Hello, Vincent. On Mon, Jul 08, 2024 at 08:37:06AM +0200, Vincent Guittot wrote: > I prefer to minimize (if not remove) sched_ext related calls in the > fair path so we can easily rework it if needed. And this will also > ensure that all fair task are cleanly removed when they are all > switched to sched_ext Unless we add a WARN_ON_ONCE, if it doesn't behave as expected, the end result will most likely be cpufreq sometimes picking a higher freq than requested, which won't be the easiest to notice. Would you be against adding WARN_ON_ONCE(scx_switched_all && !util) too? Thanks.
On Mon, 8 Jul 2024 at 20:20, Tejun Heo <tj@kernel.org> wrote: > > Hello, Vincent. > > On Mon, Jul 08, 2024 at 08:37:06AM +0200, Vincent Guittot wrote: > > I prefer to minimize (if not remove) sched_ext related calls in the > > fair path so we can easily rework it if needed.

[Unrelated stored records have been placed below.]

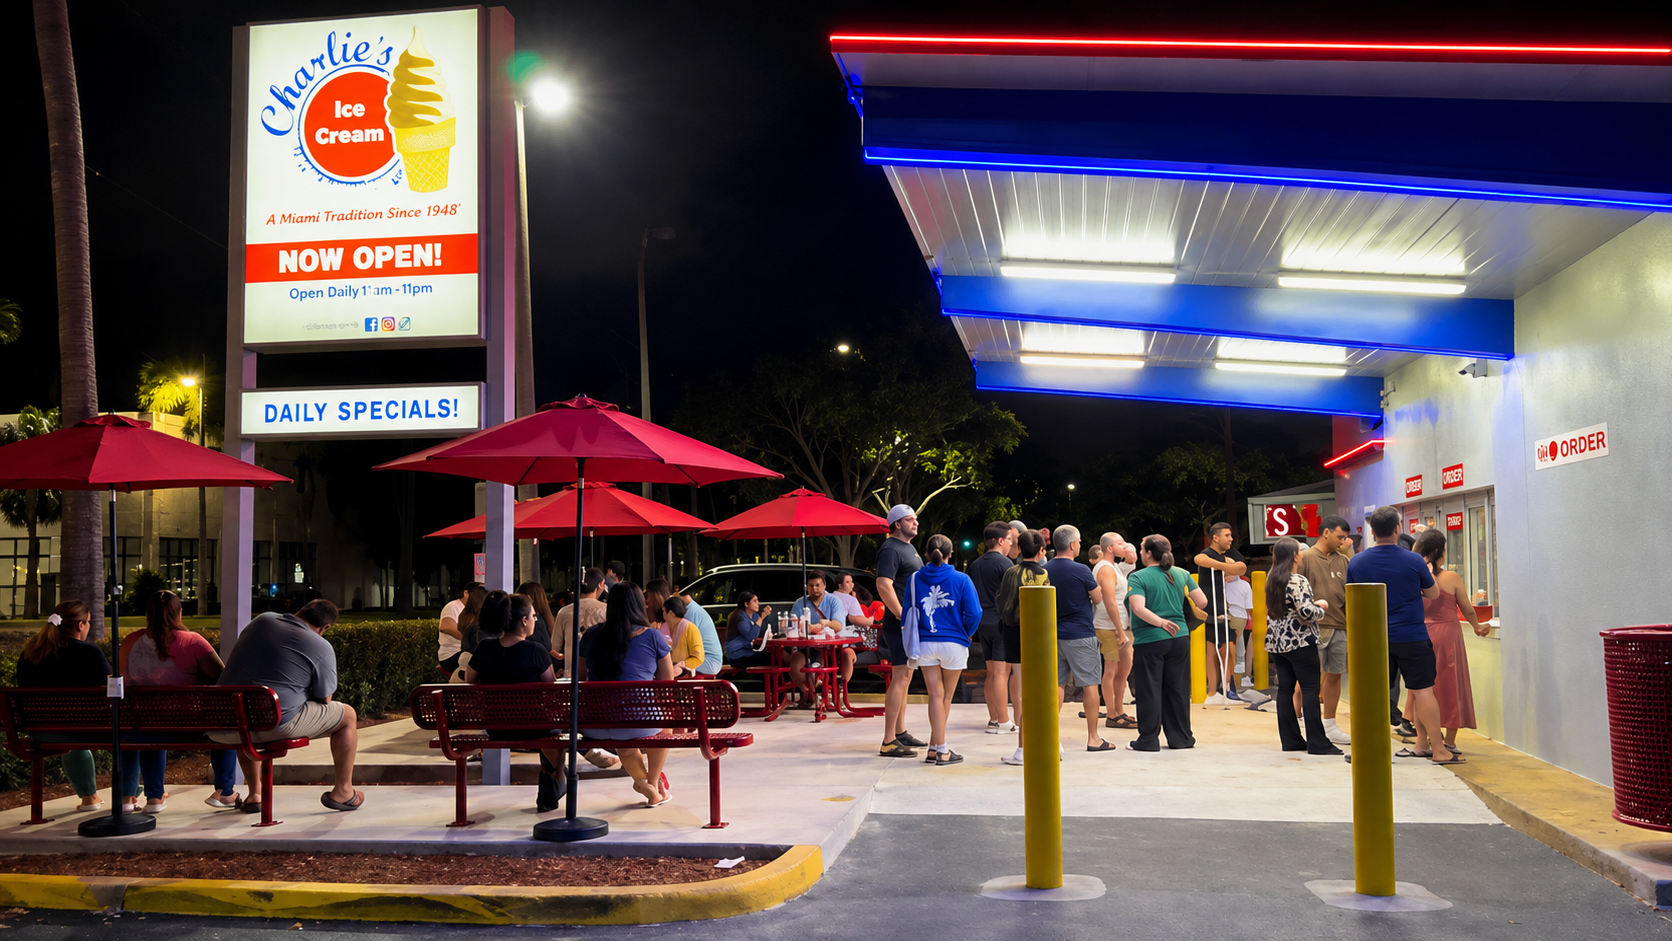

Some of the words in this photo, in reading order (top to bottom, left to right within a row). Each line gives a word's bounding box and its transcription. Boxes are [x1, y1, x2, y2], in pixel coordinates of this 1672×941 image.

[261, 30, 393, 136] Charlie's
[335, 100, 365, 118] Ice
[315, 127, 384, 145] Cream
[266, 214, 276, 226] A
[279, 211, 320, 225] Miami
[324, 208, 383, 222] Tradition
[387, 206, 421, 219] Since
[278, 247, 344, 273] NOW
[353, 243, 442, 270] OPEN!
[289, 288, 324, 302] Open
[328, 285, 360, 300] Daily
[402, 283, 433, 297] 11pm
[264, 402, 328, 423] DAILY
[338, 398, 459, 421] SPECIALS!
[1560, 431, 1606, 458] ORDER

And this will also > > ensure that all fair task are cleanly removed when they are all > > switched to sched_ext > > Unless we add a WARN_ON_ONCE, if it doesn't behave as expected, the end > result will most likely be cpufreq sometimes picking a higher freq than > requested, which won't be the easiest to notice. Would you be against adding > WARN_ON_ONCE(scx_switched_all && !util) too? A WARN_ON_ONCE to detect misbehavior would be ok > > Thanks. > > -- > tejun
Hello, Vincent. On Mon, Jul 08, 2024 at 09:51:08PM +0200, Vincent Guittot wrote: > > Unless we add a WARN_ON_ONCE, if it doesn't behave as expected, the end > > result will most likely be cpufreq sometimes picking a higher freq than > > requested, which won't be the easiest to notice. Would you be against adding > > WARN_ON_ONCE(scx_switched_all && !util) too? > > A WARN_ON_ONCE to detect misbehavior would be ok I tried this and it's a bit problematic. Migrating out all the tasks do bring the numbers pretty close to zero but the math doesn't work out exactly and it often leaves 1 in the averages. While the fair class is in use, they would decay quickly through __update_blocked_fair(); however, when all tasks are switched to sched_ext, that function doesn't get called and the remaining small value never decays. Now, the value being really low, it doesn't really matter but it's an unnecessary complication. I can make sched_ext keep calling __update_blocked_fair() in addition to update_other_load_avgs() to decay fair's averages but that seems a lot more complicated than having one scx_switched_all() test. Thanks.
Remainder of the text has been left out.